L'exploitant connaît et suit correctement son installation de refroidissement. Il doit toutefois préciser des points sur les thématiques concernant : - sa stratégie de traitement et l'impact de l'emploi de biocide non oxydant en continu, - les Fiches de Données de Sécurité (FDS) des produits biocides à jour, - la mise en place d'un suivi des levées des non-conformités (action, date, opérateur ayant levé la non-conformité).
L'exploitant a remis à l'inspection l'audit relatif à la rubrique 2921, réalisé par la société Espam Centre Est le 22 octobre 2025. L'inspection rappelle à l'exploitant que, conformément à l'article R.512-55 du code de l'environnement, le contrôle périodique n'est pas requis pour un site ICPE relevant du régime de l'autorisation :"Toutefois, les installations classées figurant à cette annexe ne sont pas soumises à l'obligation de contrôle périodique lorsqu'elles sont incluses dans un établissement qui comporte au moins une installation soumise au régime de l'autorisation ou de l'enregistrement au titre de la nomenclature des installations classées pour la protection de l'environnement." Toutefois, l'audit relève des non-conformités qui ont également été constatées le jour de l'inspection. Post inspection, l'exploitant a apporté des éléments de réponse. Les différents points sont repris dans la suite du présent rapport, Le rapport a mis également en évidence des écarts concernant l'absence de présentation des attestations d'étalonnage conductivimètre, pH-mètre, pompe doseuse et jauge de suivi, et les justificatifs de l’information des risques de contamination des personnels intervenant à proximité de la tour de refroidissement non affichés. Demande à formuler à l’exploitant à la suite du constat : L'exploitant doit faire étalonner les conductivimètre, pH-mètre, pompe doseuse et jauge de suivi et envoyer les attestations à l'inspection. L'exploitant doit réaliser et afficher à proximité de la tour de refroidissement les justificatifs de l’information des risques de contamination des personnels intervenant.

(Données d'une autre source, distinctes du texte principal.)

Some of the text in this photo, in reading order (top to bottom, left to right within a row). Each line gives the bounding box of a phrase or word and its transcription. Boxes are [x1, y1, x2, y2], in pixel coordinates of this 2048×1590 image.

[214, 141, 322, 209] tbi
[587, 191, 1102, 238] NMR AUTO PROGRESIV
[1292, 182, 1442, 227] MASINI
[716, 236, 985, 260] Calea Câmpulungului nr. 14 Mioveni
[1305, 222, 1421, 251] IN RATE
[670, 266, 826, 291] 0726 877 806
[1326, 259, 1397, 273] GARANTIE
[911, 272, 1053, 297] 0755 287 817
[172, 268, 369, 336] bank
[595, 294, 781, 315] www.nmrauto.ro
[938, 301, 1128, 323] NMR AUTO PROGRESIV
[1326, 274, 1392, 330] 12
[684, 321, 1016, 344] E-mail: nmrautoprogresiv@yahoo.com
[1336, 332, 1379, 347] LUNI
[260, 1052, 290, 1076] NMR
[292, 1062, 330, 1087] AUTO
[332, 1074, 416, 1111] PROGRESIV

Proposition de l'inspection : Demande d'action corrective, Demande de justificatif à l'exploitant
L’installation dispose d’une AMR. La dernière mise à jour date du 25 novembre 2024. La première AMR est réalisée par un prestataire. Ensuite, les mises à jour sont réalisées par le responsable technique. L’AMR est toutefois auditée par un prestataire extérieur tous les 5-6 ans. Dans l’AMR présentée à l’inspection, un schéma intitulé « plan circuit eau » représente schématiquement la TAR, les points de prélèvement de l’eau, approximativement les points d’injection.Lors de l’audit relatif à la rubrique 2921, il a été constaté l’absence du schéma de principe (qualifiée en « autre non-conformité constatée »). Les facteurs de risques propres à l’installation sont listés. Les actions à mettre en œuvre, appelées « éléments de maîtrise » dans l’AMR sont définies. L’exploitant indique qu’il n’y a pas de bras mort. Demande à formuler à l’exploitant à la suite du constat : L'exploitant doit améliorer le schéma de principe de l'installation.

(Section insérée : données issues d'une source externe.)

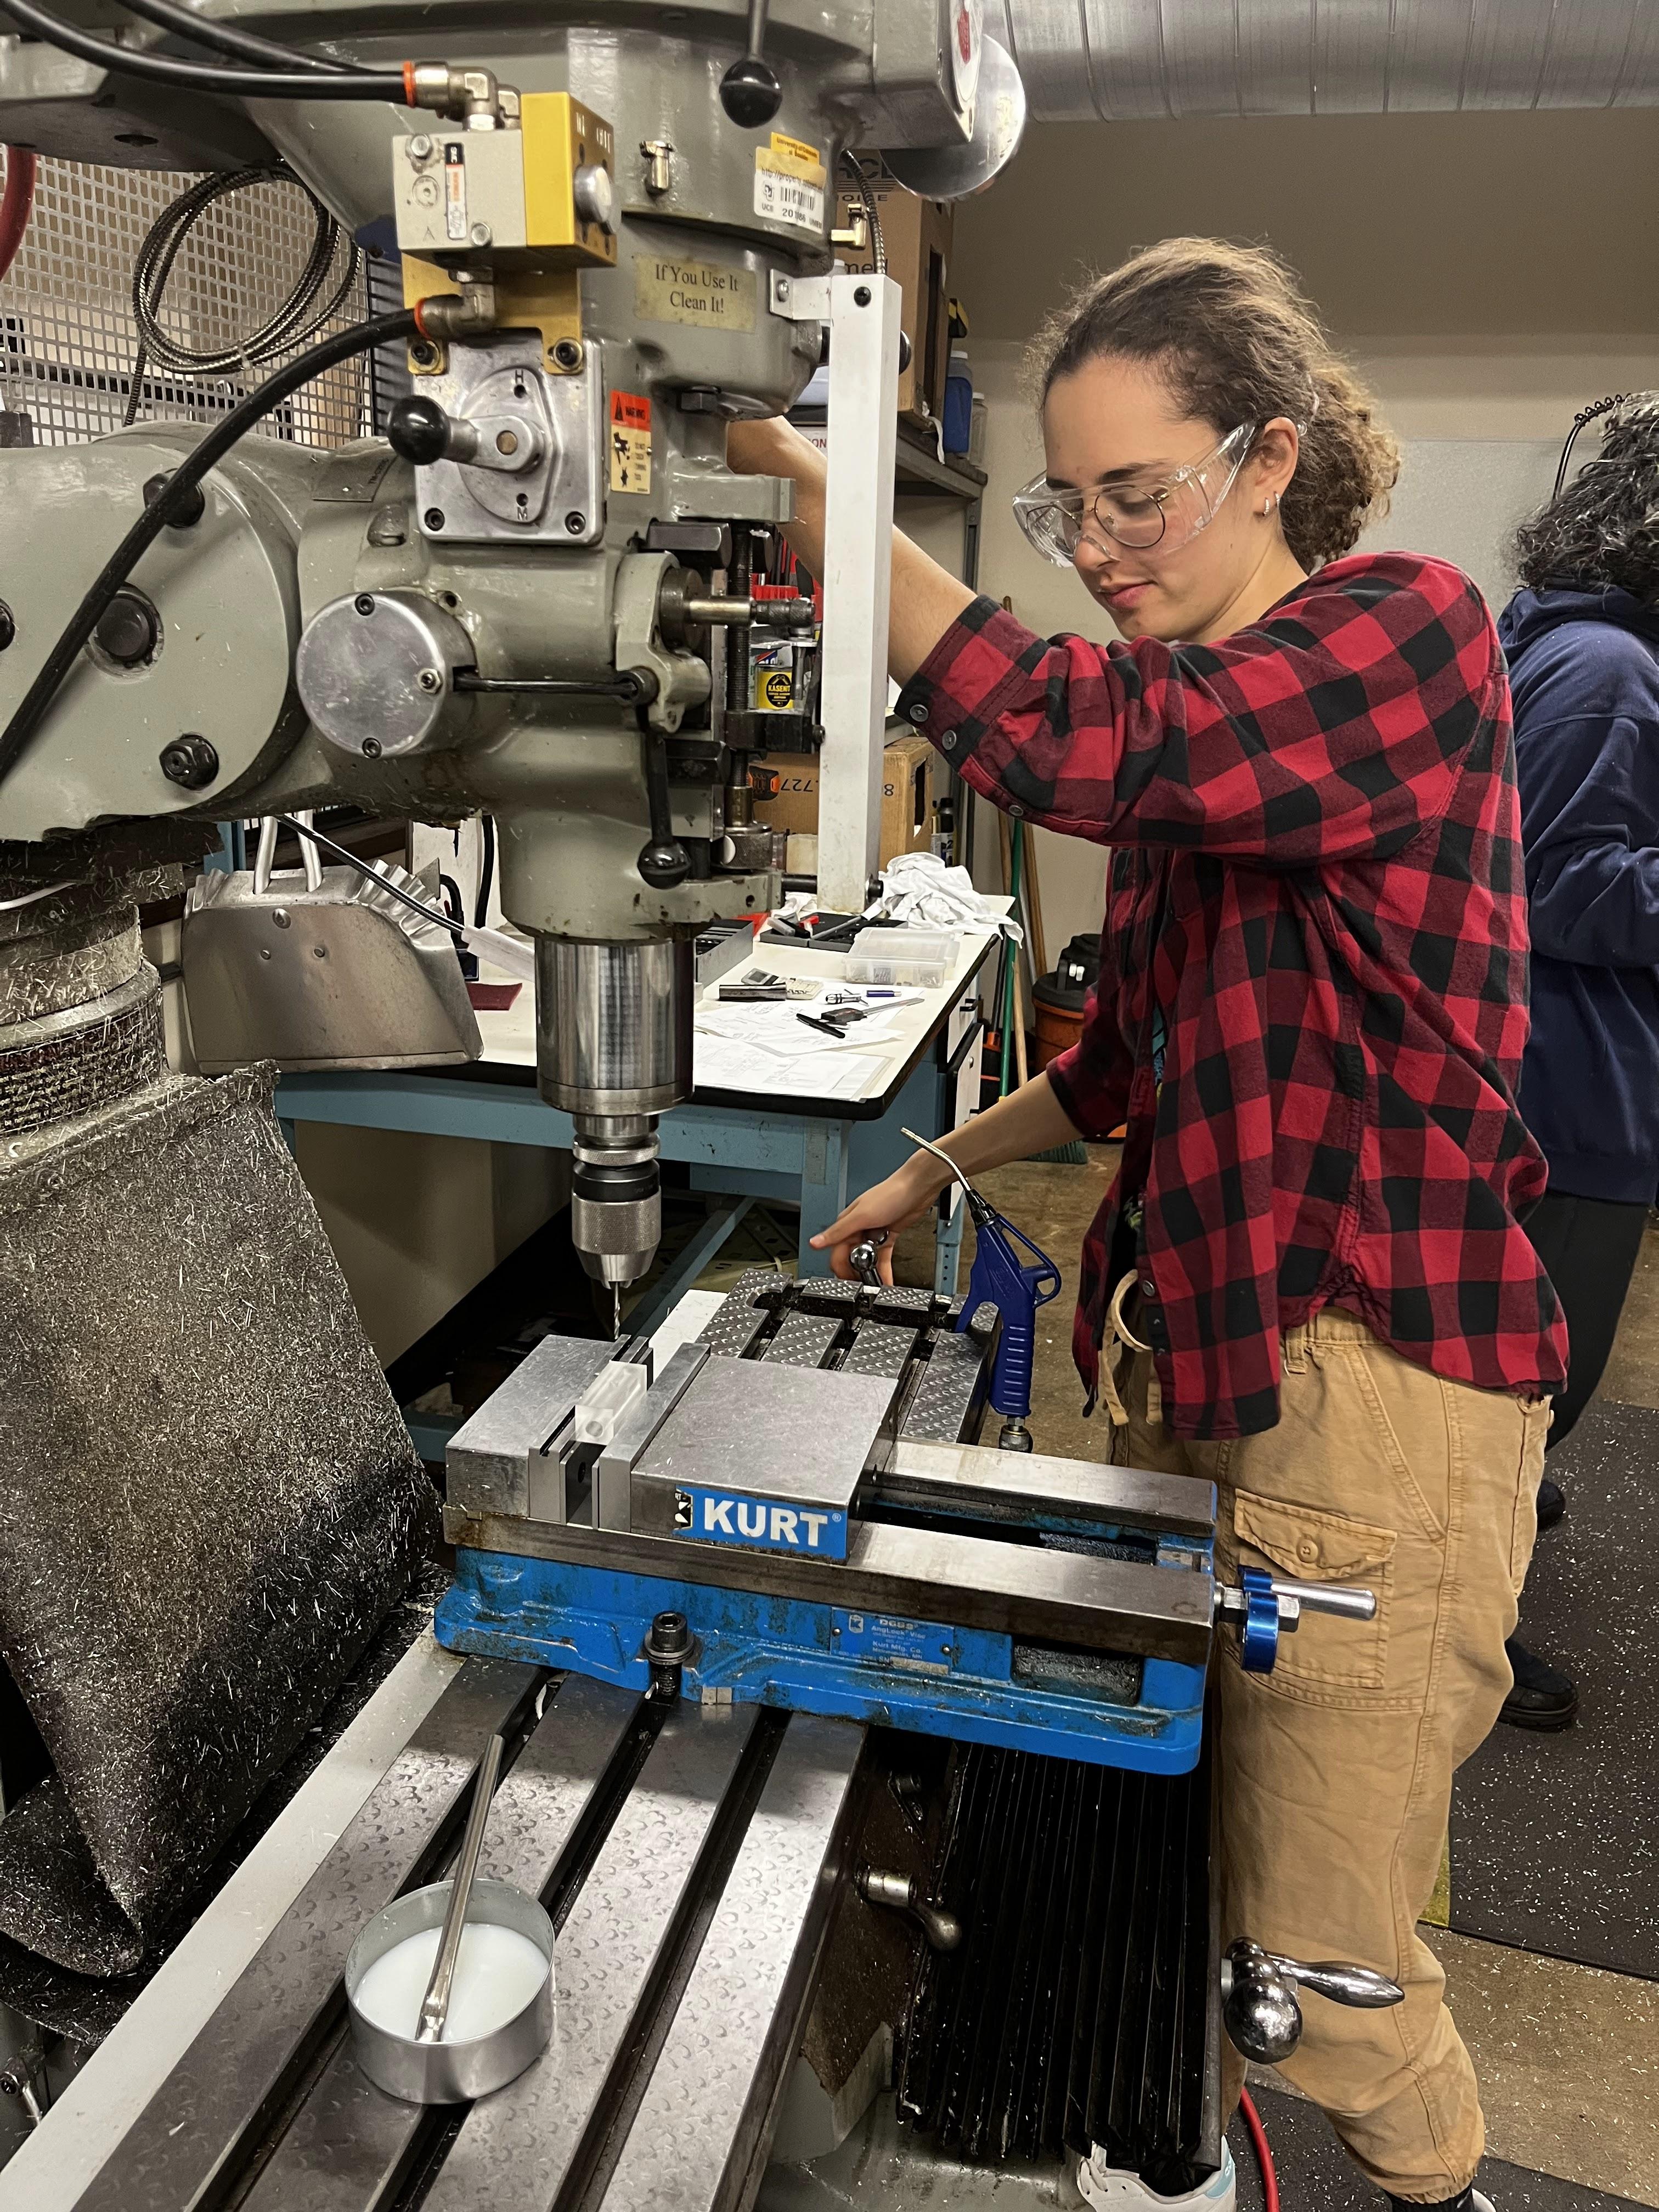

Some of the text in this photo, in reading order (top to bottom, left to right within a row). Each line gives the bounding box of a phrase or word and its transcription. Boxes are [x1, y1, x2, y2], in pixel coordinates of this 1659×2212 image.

Proposition de l'inspection : Demande d'action corrective, Demande de justificatif à l'exploitant
La procédure a été établie le 19 septembre 2023. Les contacts de l'inspection ne sont pas présents dans la procédure.Le contenu de l’alerte vers l'inspection n’est pas indiqué dans la fiche de procédure. Demande à formuler à l’exploitant à la suite du constat : L’exploitant doit préciser les coordonnées de l’inspection des installations classées : - en semaine : ud22.dreal-bretagne@developpement-durable.gouv.fr, 02 96 69 48 20, télécopie :02 96 74 48 57 L'exploitant doit préciser le contenu de l'information à envoyer à l'inspection, conformément à la réglementation (coordonnées de l'installation, concentration en legionella pneumophila, date du prélèvement, actions curatives et correctives mises en œuvre ou prévues et leurs dates de réalisation).

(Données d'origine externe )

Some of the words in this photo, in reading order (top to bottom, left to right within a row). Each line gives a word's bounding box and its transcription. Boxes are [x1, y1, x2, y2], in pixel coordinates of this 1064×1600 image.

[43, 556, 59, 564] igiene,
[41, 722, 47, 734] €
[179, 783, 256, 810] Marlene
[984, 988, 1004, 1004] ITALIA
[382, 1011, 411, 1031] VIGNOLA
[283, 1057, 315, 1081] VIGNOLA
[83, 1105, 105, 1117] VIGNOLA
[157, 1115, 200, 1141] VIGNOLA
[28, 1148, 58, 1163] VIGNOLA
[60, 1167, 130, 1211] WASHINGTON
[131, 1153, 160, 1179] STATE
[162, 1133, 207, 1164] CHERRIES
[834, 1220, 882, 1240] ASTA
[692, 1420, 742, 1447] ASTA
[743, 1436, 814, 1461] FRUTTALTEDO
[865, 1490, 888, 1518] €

Proposition de l'inspection : Demande de justificatif à l'exploitant, Demande d'action corrective
Le traitement est destiné à lutter contre le développement des micro-organismes responsables de l’encrassement du système, et plus particulièrement la legionella. Le produit utilisé est non oxydant : - dans le but de minimiser les risques de corrosion de l’acier galvanisé ; - dans le but de minimiser les consommations de biocides. Les produits de décomposition sont listés (dioxyde de carbone, monoxyde de carbone, chlorure d’hydrogène, oxydes d’azote, oxydes de soufre). Toutefois, les valeurs cibles n’ont pas été trouvées dans les documents fournis à l’inspection. Le traitement est séquentiel pour limiter les risques d’accoutumance. Un second produit est prévu en remplacement du premier, en cas d’accoutumance. Il n’est pas précisé quel est le second produit retenu. Il n’est pas précisé comment l’accoutumance est caractérisée. Demande à formuler à l’exploitant à la suite du constat : L'exploitant doit préciser les valeurs cibles des produits de décompositions de l'ensemble des produits de traitements utilisés pour la tour aéroréfrigérante. L'exploitant doit préciser comment il détermine l'accoutumance au produit biocide non-oxydant, quel seuil ou élément permet de changer de traitement. L'exploitant doit préciser quel est le second produit prévu, quand et comment l'utiliser.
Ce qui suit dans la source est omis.